Забывая об этом принципе, современный коллективизм становится всецело на почву господствующего в наше время миросозерцания и начинает понимать самое свободу так, как ее понимают гуманисты. Для вящего порядка в будущем обществе, для большей устойчивости нового быта, новых будней истории, а главное, ради экономизации и беспрепятственного роста производительных сил, коллективизм утверждает общественную норму, новое коллективистическое «право». Конечно, свобода личности им не отрицается. Все буржуазные сказки о какой-то казарме будущего, о грядущем рабстве, об опеке над личностью не выдерживают ни малейшей критики. Вздорность подобных обвинений слишком очевидна для всякого, кто дал себе труд ознакомиться с воззрениями коллективистов. Опекунам свободы нет надобности беспокоиться. Сами коллективисты не меньше их дорожат той свободой, которую они собираются опекать. Но в том, быть может, и грех коллективистов, что они в свое будущее царство переносят свободу, которою дорожат современные гуманисты. Это — свобода приспособления, свобода, которая сама по себе делает необходимым право, норму, суверенитет общественного целого. Дальше автономии личности, дальше свободного подчинения, свободного налагания каждым на себя внешних, во имя целого приемлемых норм — такая свобода не идет.
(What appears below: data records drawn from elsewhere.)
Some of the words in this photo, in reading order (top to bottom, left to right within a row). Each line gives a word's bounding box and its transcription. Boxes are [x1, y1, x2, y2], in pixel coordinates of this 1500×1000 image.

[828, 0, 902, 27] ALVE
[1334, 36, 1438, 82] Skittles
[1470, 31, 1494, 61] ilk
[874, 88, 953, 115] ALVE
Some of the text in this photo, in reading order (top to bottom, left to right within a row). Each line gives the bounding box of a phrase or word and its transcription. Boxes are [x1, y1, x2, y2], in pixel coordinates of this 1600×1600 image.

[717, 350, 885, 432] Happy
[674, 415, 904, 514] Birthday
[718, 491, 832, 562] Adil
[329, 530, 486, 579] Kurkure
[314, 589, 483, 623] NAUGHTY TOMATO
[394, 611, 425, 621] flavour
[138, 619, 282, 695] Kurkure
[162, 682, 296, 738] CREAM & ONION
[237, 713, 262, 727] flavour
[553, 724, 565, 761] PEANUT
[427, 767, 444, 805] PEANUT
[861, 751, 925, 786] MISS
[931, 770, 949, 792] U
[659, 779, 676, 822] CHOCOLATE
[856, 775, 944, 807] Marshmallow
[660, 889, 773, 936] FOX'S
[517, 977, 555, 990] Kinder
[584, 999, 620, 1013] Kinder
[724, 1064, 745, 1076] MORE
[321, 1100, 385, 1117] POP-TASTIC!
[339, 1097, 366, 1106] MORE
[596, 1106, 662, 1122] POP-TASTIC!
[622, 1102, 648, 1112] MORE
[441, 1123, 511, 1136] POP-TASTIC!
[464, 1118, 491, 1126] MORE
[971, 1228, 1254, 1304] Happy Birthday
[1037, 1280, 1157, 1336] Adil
Это свобода людей, не умеющих быть свободными, свобода недостойных свободы, не знающих свободы в себе и даже не предчувствующих свободного общения многих. Такова свобода гуманистов, и такова же свобода коллективистов. И этой свободы в царстве коллективизма, пожалуй, еще больше, чем в современной жизни. О нет, казармы там не будет, там будет совершеннейшее, демократичнейшее государство. И тем хуже для коллективизма. Об общности жизни при этой свободе не может быть и речи. От идеала общности остается лишь слабая тень — обобществление средств производства. Да и эта тень может оказаться ненужной. Любой «ревизионист» готов свести ее почти на нет. От чего он никогда не откажется — это от Рационального законодательства. Жизнь же — не производство и не законодательство, а творчество и жертвенное служение неведомому началу жизни. И те, которые говорили: «Ешьте вместе хлеб ваш», — знали, что говорили. Ибо когда даже едят вместе, то это уже начало пира. А именно пир, свободный пир, пир любви — вот что самое важное в жизни, самое важное для жизни.
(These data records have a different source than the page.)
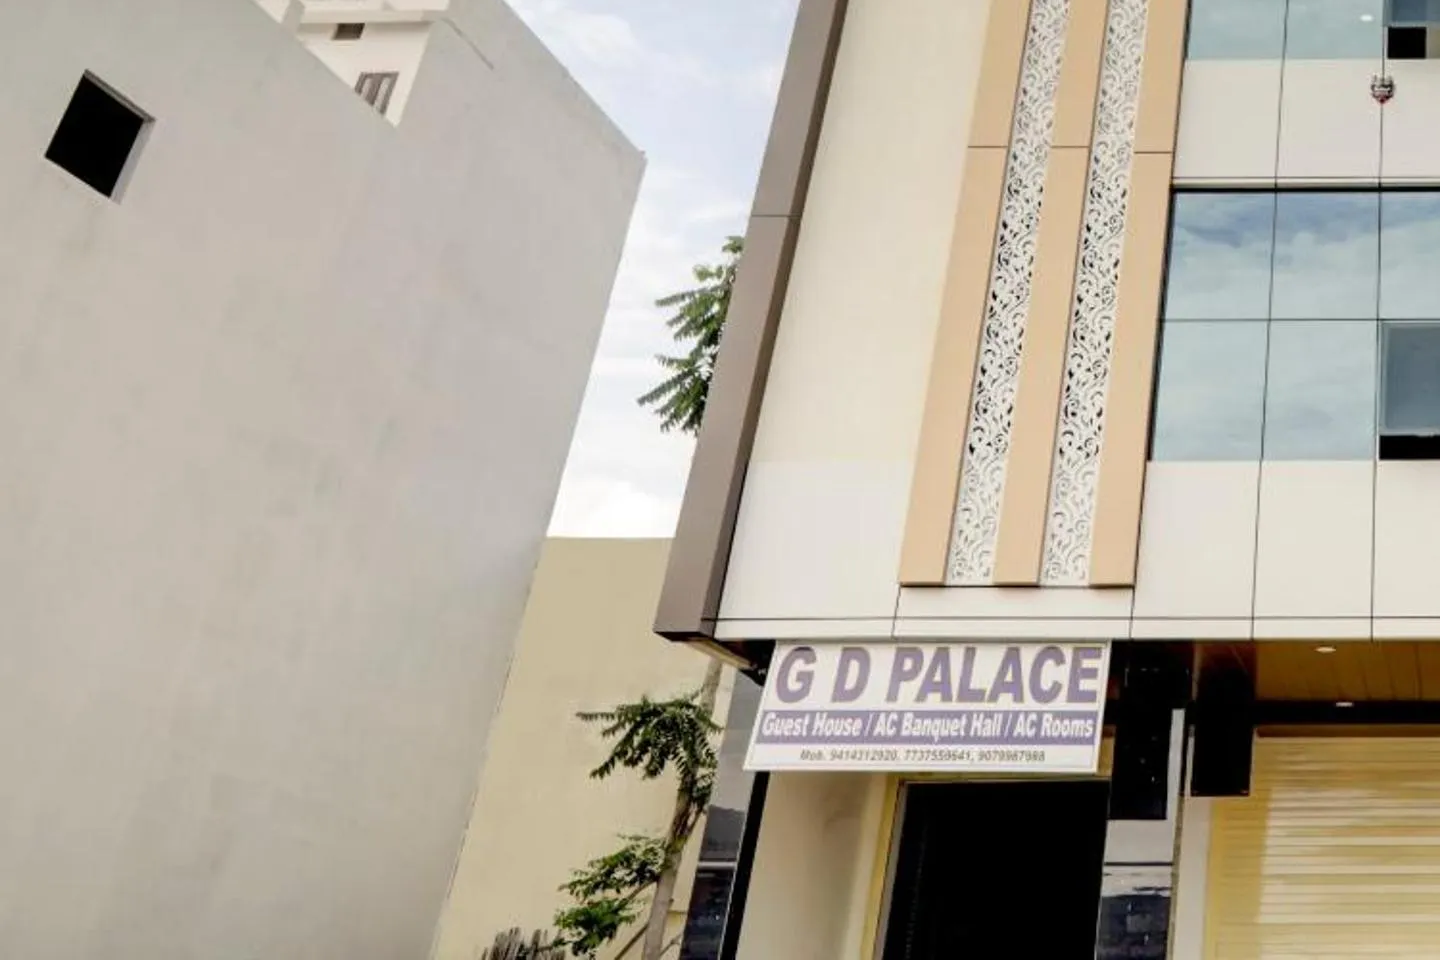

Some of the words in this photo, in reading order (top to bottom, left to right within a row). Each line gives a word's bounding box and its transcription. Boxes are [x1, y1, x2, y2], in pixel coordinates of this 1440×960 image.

[775, 646, 817, 703] G
[831, 646, 871, 702] D
[886, 646, 1101, 703] PALACE
[761, 711, 810, 737] Guest
[811, 712, 863, 737] House
[873, 711, 899, 737] AC
[900, 711, 967, 743] Banquet
[969, 712, 1004, 737] Hall
[1012, 712, 1039, 737] AC
[1040, 712, 1095, 738] Rooms
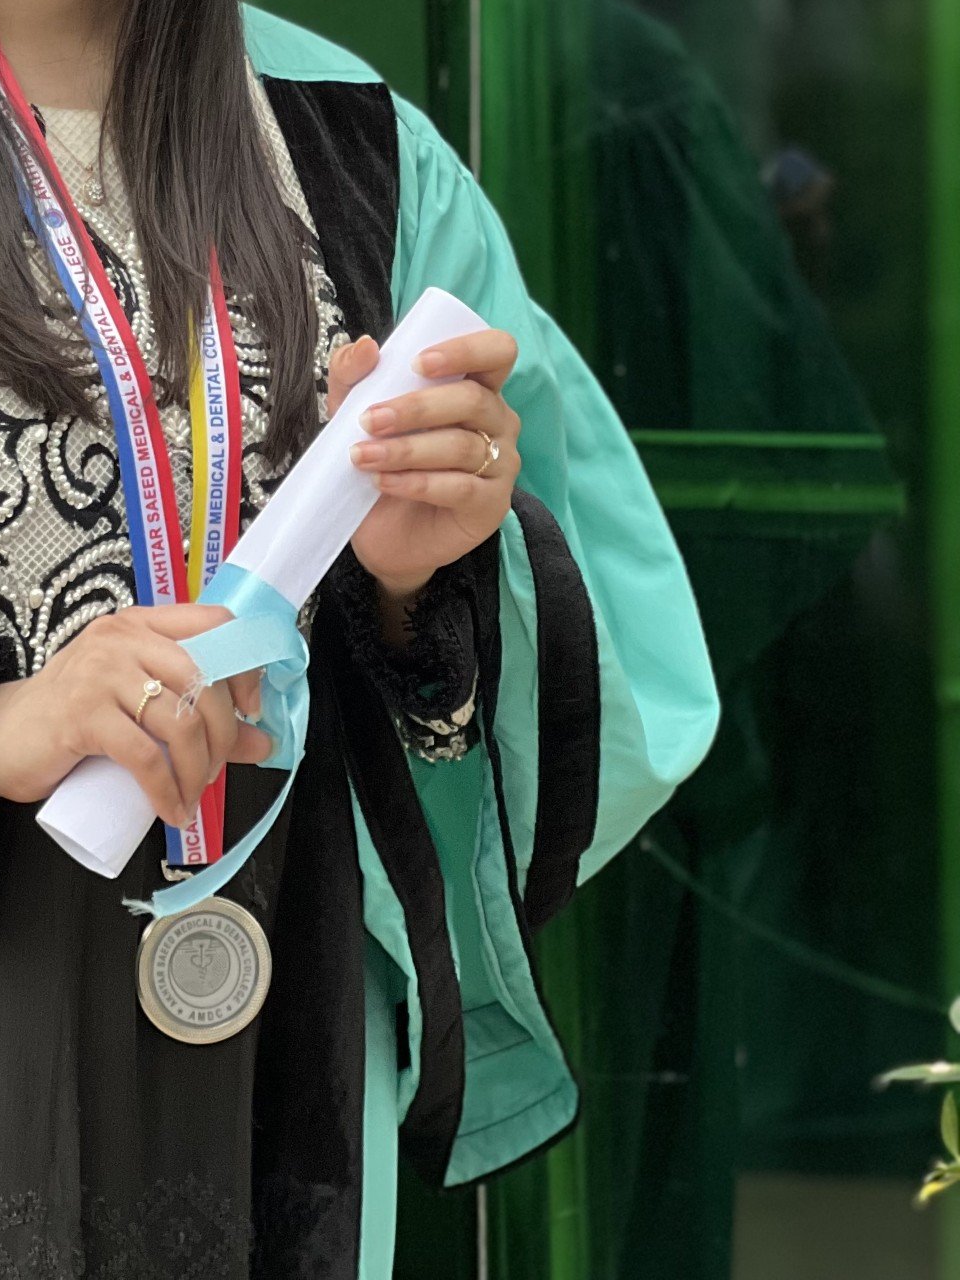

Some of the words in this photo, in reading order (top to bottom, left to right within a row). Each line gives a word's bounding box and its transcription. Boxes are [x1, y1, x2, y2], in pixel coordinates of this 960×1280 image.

[58, 235, 99, 305] COLLEGE
[94, 308, 127, 367] DENTAL
[120, 370, 132, 382] &
[207, 363, 224, 428] DENTAL
[126, 386, 151, 462] MEDICAL
[211, 433, 225, 444] &
[140, 465, 160, 522] SAEED
[210, 448, 225, 524] MEDICAL
[149, 526, 170, 596] AKHTAR
[174, 918, 214, 938] MEDICAL
[224, 924, 249, 956] DENTAL
[157, 936, 176, 968] SAEED
[156, 971, 178, 1007] AKHTAR
[232, 959, 252, 1004] COLLEGE
[188, 1007, 223, 1021] AMDC
И труд становится святым лишь тогда, когда он делается жизнью, торжественным, творческим делом. Труд вместе — уже не будничный труд, а праздник. Тогда он становится самою жизнью, выше которой может быть только абсолютно свободное творчество в непосредственном общении с началом всякого творчества, всяких ценностей, всякой жизни. Общая жизнь предносилась коммунистам религиозным как истинно свободная жизнь, свободная не в смысле автономии, а в смысле аномии. На место 'а ставилась любовь. Она давала свои законы, «законы свободы», исполнение которых, конечно, несравненно труднее, чем исполнение законов «общества», так как их исполнение предполагало жертву и победу над низшим миром. Законом свободы, законом любви и являлась общность жизни, всей жизни, самого содержания жизни. Как же не быть «коммунизму», рождающемуся непосредственно из веры в будущий брачный пир, коммунизмом потребления? Как не быть ему более равнодушным к формам производства, если он рождался из предчувствия той жизни, где нет никакого производства, никакого хозяйства, из предчувствия жизни, которая вся сплошь есть свободное творчество? Как не забывать ему о гарантиях свободы и об автономии личности, если он родился из веры в освобождающую силу любви? Так представляется идеал общности жизни стоящим на точке зрения религиозной. Само собою разумеется, что для гуманиста этот идеал — только мечта жалких хилиастов, и что при желании его нетрудно истолковать как порождение «мелкобуржуазного» духа. Никакого иного истолкования всем мечтам человечества, с точки зрения бескрылых мифов гуманизма, конечно, найти нельзя. Но ожидающие великой волны ощущают правду заповеди о жизни вместе как правду о совершенно новой жизни, чуждой всякого обособления, позволяющей душам гореть одним огнем. Само ожидание их есть уже не только работа над созданием новых условий жизни, но и осуществление в себе новой жизни. Они пребывают вместе, зная, что только пребывание вместе может сделать их храмом, в котором будет жить дух. Религиозное возрождение возможно только как великий религиозный подъем, как общее переживание восторга общения с свободным бытием. Оно может прийти лишь для тех, кто готов, пребывая вместе, вместе изменяя жизнь вне себя и в себе, ждать откровения.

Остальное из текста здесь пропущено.